El amor es la esencia y el resumen máximo ele la ley, el supremo principio guiador de una vida convertida, semejante a la de Cristo. Sin amor no hay cristianismo, pues el apóstol dice: “El que no ama no ha conocido a Dios, porque Dios es amor” (1 Juan 4:8).

El amor transforma radicalmente el panorama de la vida (Gál. 5:19-28). Elimina la codicia y el egoísmo, creando la generosidad, la benevolencia, el interés en el progreso de la obra y en el bienestar del prójimo.

El amor anula los resentimientos, la envidia y los celos, y los reemplaza por la bondad, la longanimidad, la cordialidad. Disipa las pendencias y la lucha desleal; mata la ambición egoísta; neutraliza el odio; borra el rencor y la ira, e introduce la paz, la buena voluntad y el gozo. Ahuyenta el temor y la desconfianza.

Junto con el perdón del pecado logrado por la fe en Cristo, el amor es la terapia más admirable para los males del espíritu, la mejor solución para los problemas emocionales, y a la vez una poderosa medicina para sanar muchas enfermedades psicosomáticas.

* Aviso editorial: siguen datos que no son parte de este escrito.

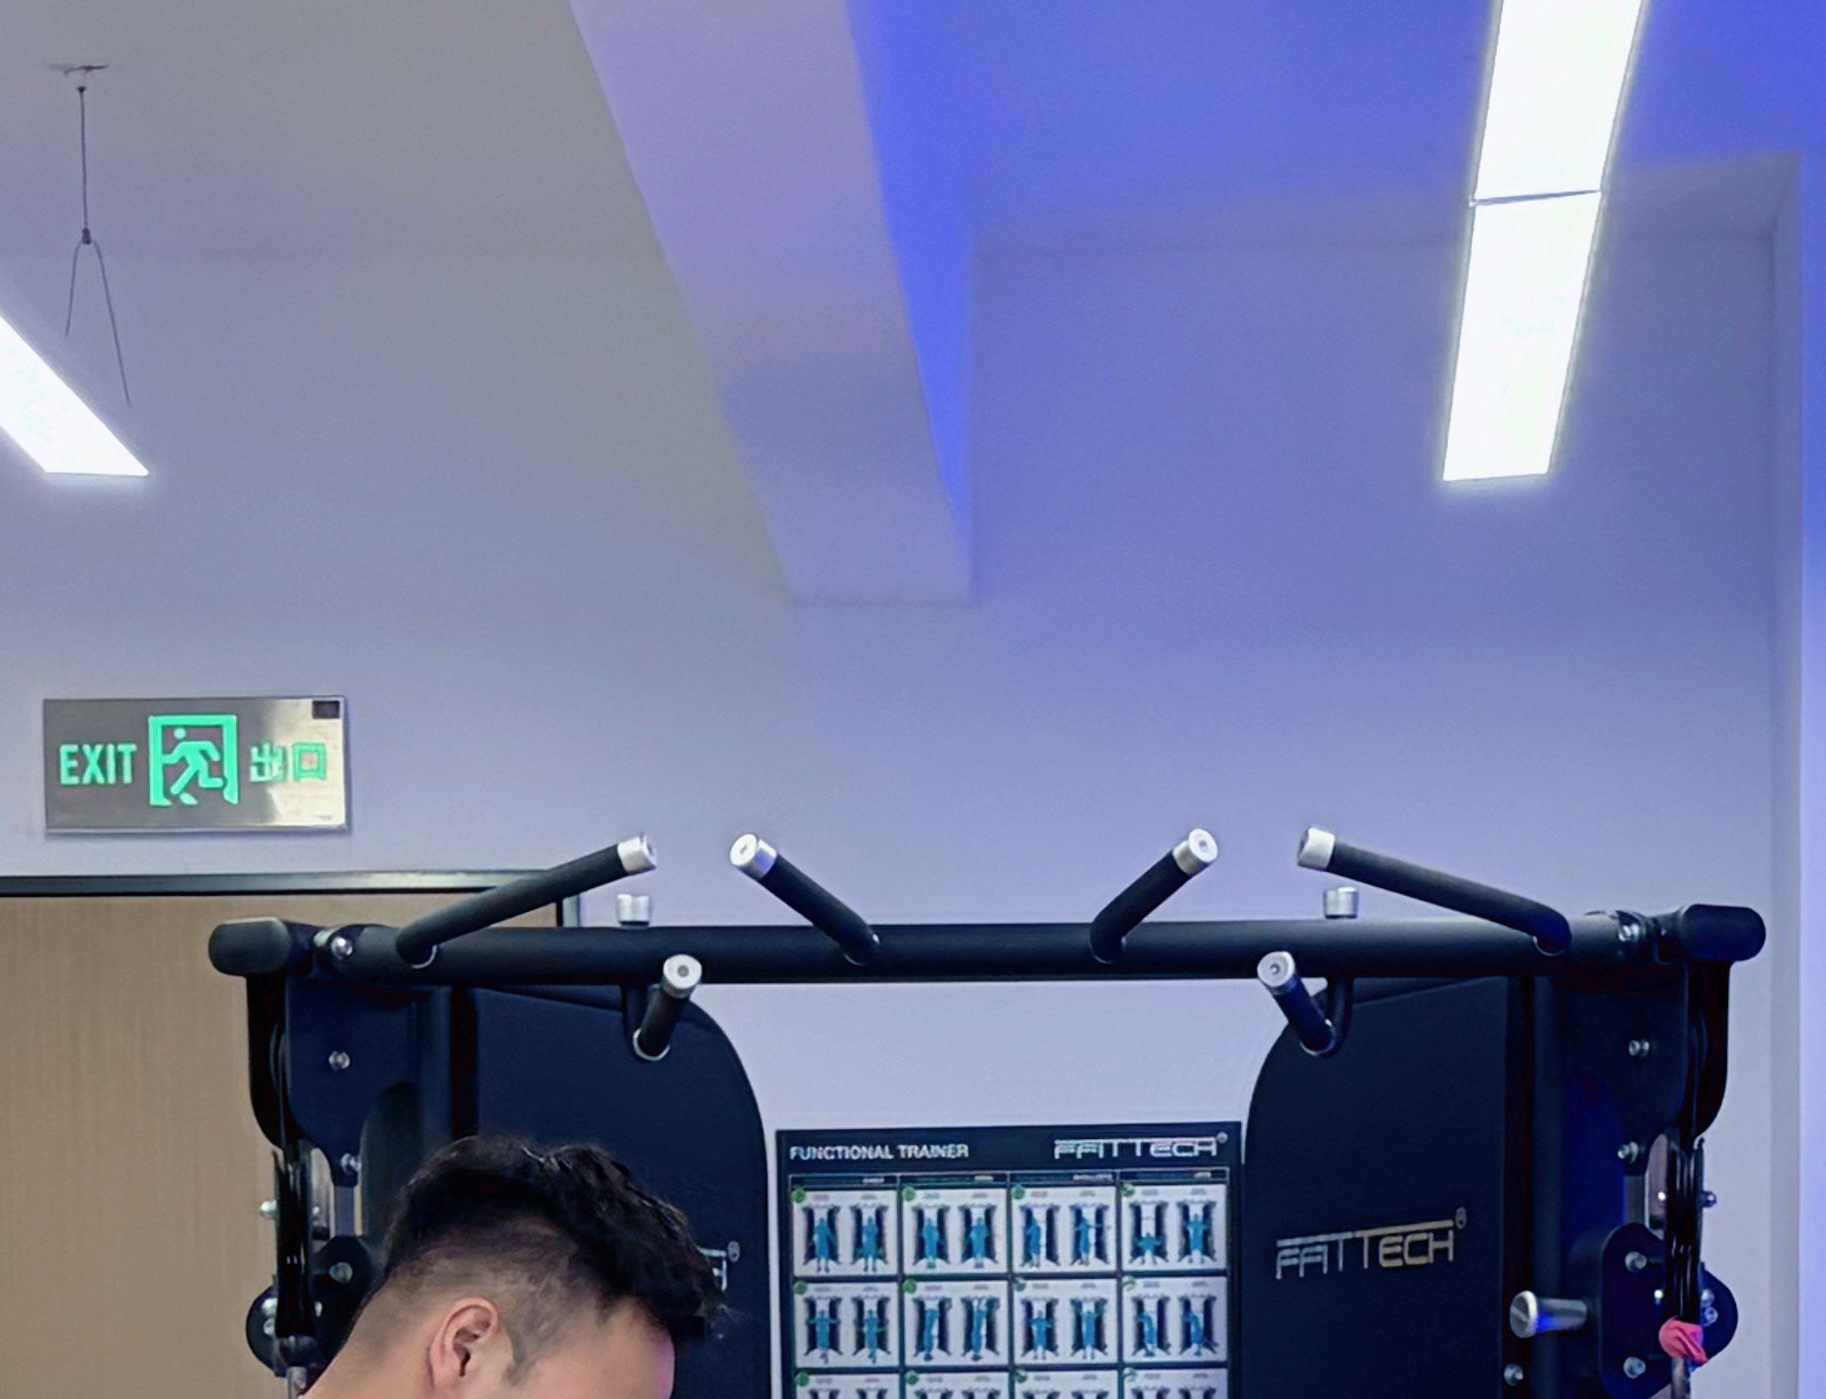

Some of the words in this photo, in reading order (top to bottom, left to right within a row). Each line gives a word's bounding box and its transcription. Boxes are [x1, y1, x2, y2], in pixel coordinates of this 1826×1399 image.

La única forma de tener amor es apropiarse de su fuente bendita: Cristo Jesús. Por eso el apóstol Pablo aconseja: “Que habite Cristo por la fe en vuestros corazones, a fin de que, arraigados y cimentados en amor...” (Efe. 3:17). Cuando Cristo hace su entrada triunfal en el corazón y toma posesión de la vida —“ya no vivo yo, mas vive Cristo en mí” (Gál. 2:20) — el amor llega a ser la motivación suprema: “El amor de Cristo nos constriñe” (2 Cor. 5:14).

La fe, por su parte, junto con el amor, nos permite vivir constantemente en la plácida atmósfera del cielo. Establece entre nuestra alma y Dios un vínculo tan inquebrantable que nada ni nadie puede romper, salvo el pecado. Nos hace accesible el perdón de Dios y su poder para vivir la vida que vale. Pone a nuestra disposición el cumplimiento de todas las promesas de Dios. Es un principio activo que se manifiesta en la vida por medio de una obediencia voluntaria a los mandamientos del Señor.

La justificación por la fe

Las vestiduras blancas, que representan la justicia de Cristo aplicada a la vida del pecador, constituyen un manto de factura celestial, hecho directamente en el telar del cielo. Estas vestiduras sólo pueden conseguirse por la fe.

El problema del logro de la justicia por parte del hombre es tan antiguo como el pecado. Desde el día en que nuestros primeros padres violaron la ley de Dios y se hicieron pasibles de la muerte eterna, la humanidad ha estado buscando con ansias la manera de alcanzar de nuevo la justicia, o sea un estado espiritual que la reconciliara con Dios. El hombre ha sentido genéricamente, a través de toda su historia, el peso de la culpabilidad. Uno de los amigos de Job dio expresión a la más angustiosa pregunta del alma cuando dijo: “¿Cómo, pues, se justificará el hombre para con Dios?” (Job 25:4).

El pecado constituye la peor de las enfermedades humanas. Separa al hombre de Dios y lo sume en la tristeza y la desesperación. Una gran proporción de los miles y miles de enfermos neuróticos que desfilan por los consultorios médicos y psiquiátricos en busca de alivio están atormentados por el sentido de culpa.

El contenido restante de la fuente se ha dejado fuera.